HOMER3 orchestrates SRC-YAP1 activity that promotes tumor cell growth and antagonizes anti-tumor immunotherapy in prostate cancer.

(Yes-associated protein 1) YAP1 is frequently activated in human prostate cancers (PCa), but the underlying regulatory mechanism remains elusive. Here, we identified a novel scaffold protein HOMER3 in PCa, that can promote YAP1 activity by disrupting LATS-YAP1 phosphorylation. Mechanistically, HOMER3 overexpression in PCa facilitates the SRC kinase to phosphorylate YAP1 accompanied by counteracting LATS1-mediated YAP1 inhibition, thereby maintaining high YAP1 nuclear localization and transcriptional activity.

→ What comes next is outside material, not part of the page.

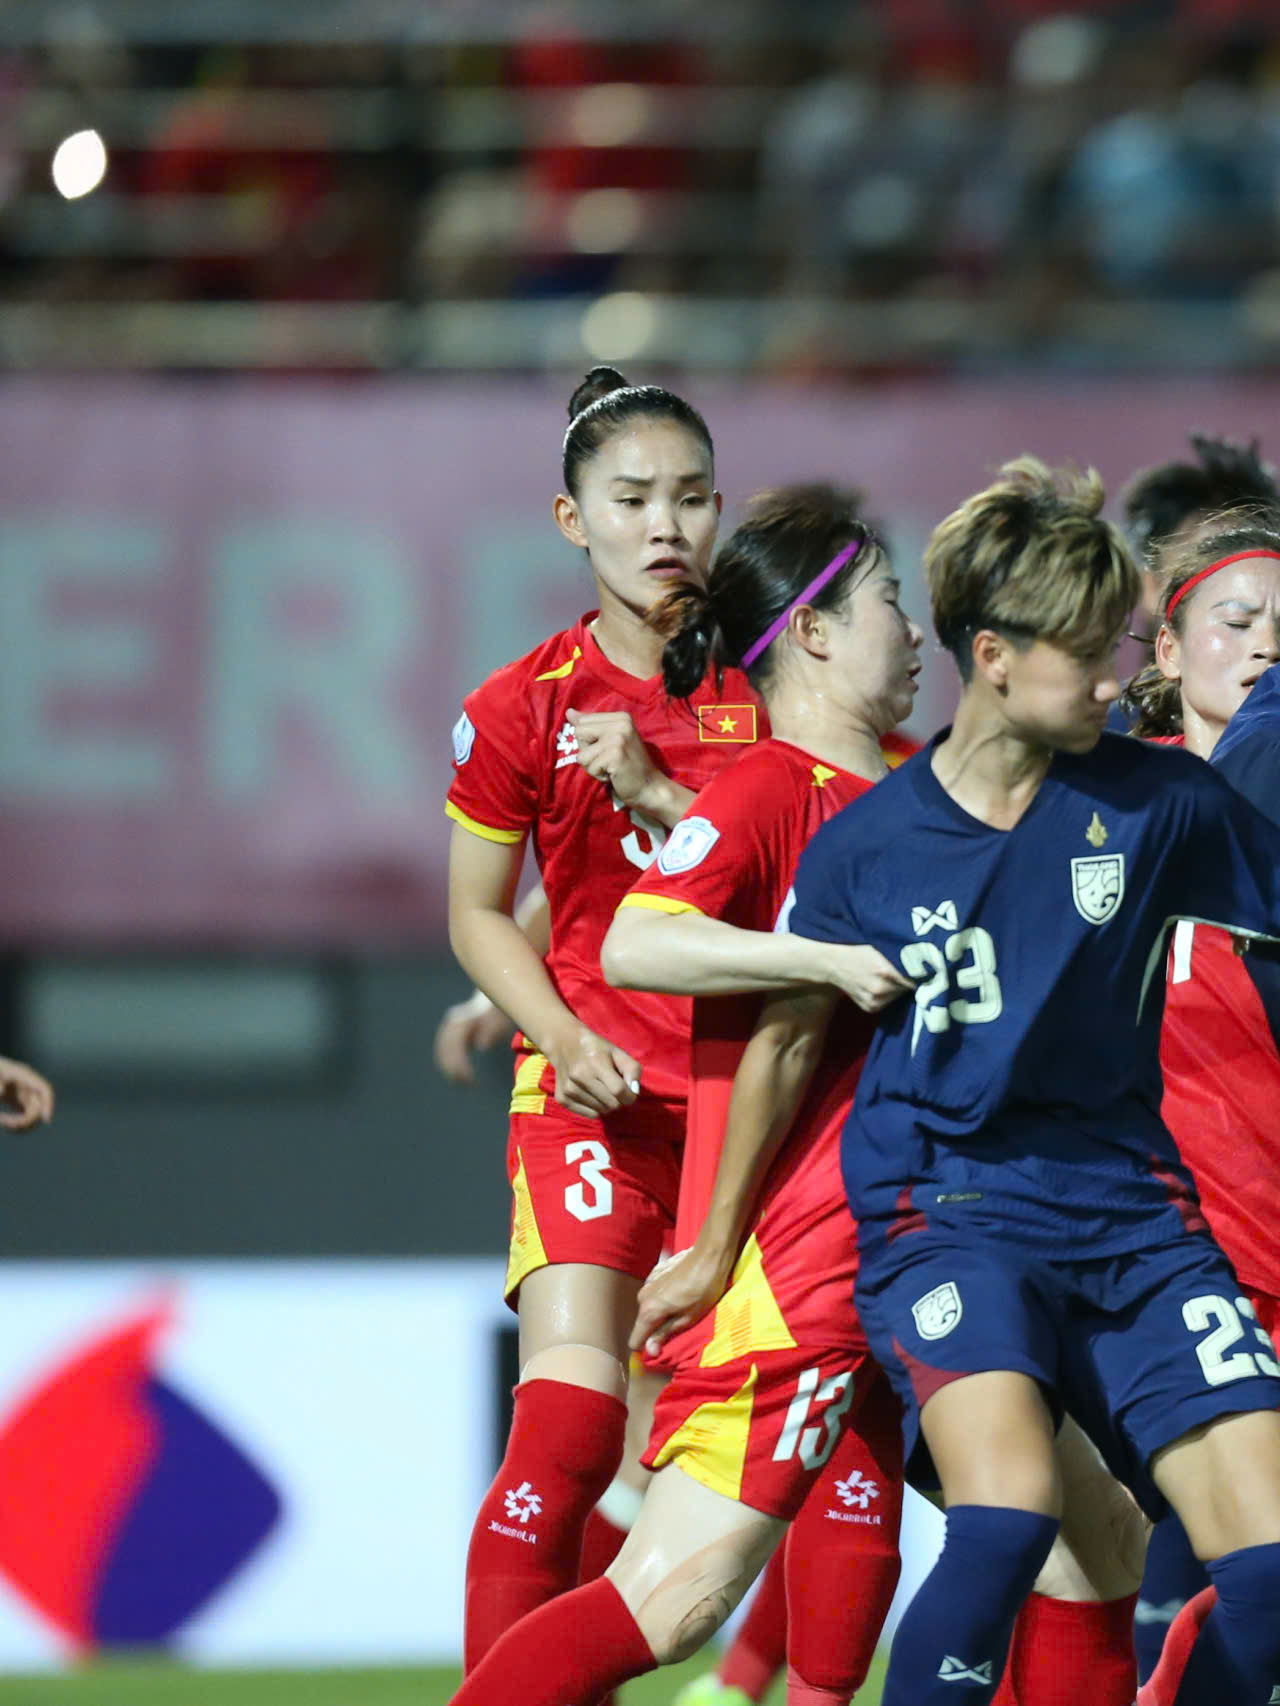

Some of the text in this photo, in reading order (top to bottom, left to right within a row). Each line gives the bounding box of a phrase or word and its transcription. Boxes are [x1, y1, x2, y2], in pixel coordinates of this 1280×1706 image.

Accordingly, HOMER3 gain-of-function in PCa cells phenocopies the effect of YAP1 activation, including cell hyperproliferation in vitro and rapid tumor growth in vivo. Additionally, transcriptome analysis revealed that CD274 is consistently upregulated in HOMER3 overexpressing PCa cells and patients, which eventually contributed to an immunosuppressive phenotype. More importantly, blocking SRC kinase-mediated YAP1 activation improved the immunotherapy-insensitive phenotypes in PCa caused by HOMER3 overexpression. Taken together, our findings define a novel kinase-substrate interactive platform for HOMER3 to orchestrate YAP1 activity in PCa. Targeting SRC-YAP1 oncogenic axis provides new insights into the therapeutic potential for PCa patients carried HOMER3 overexpression.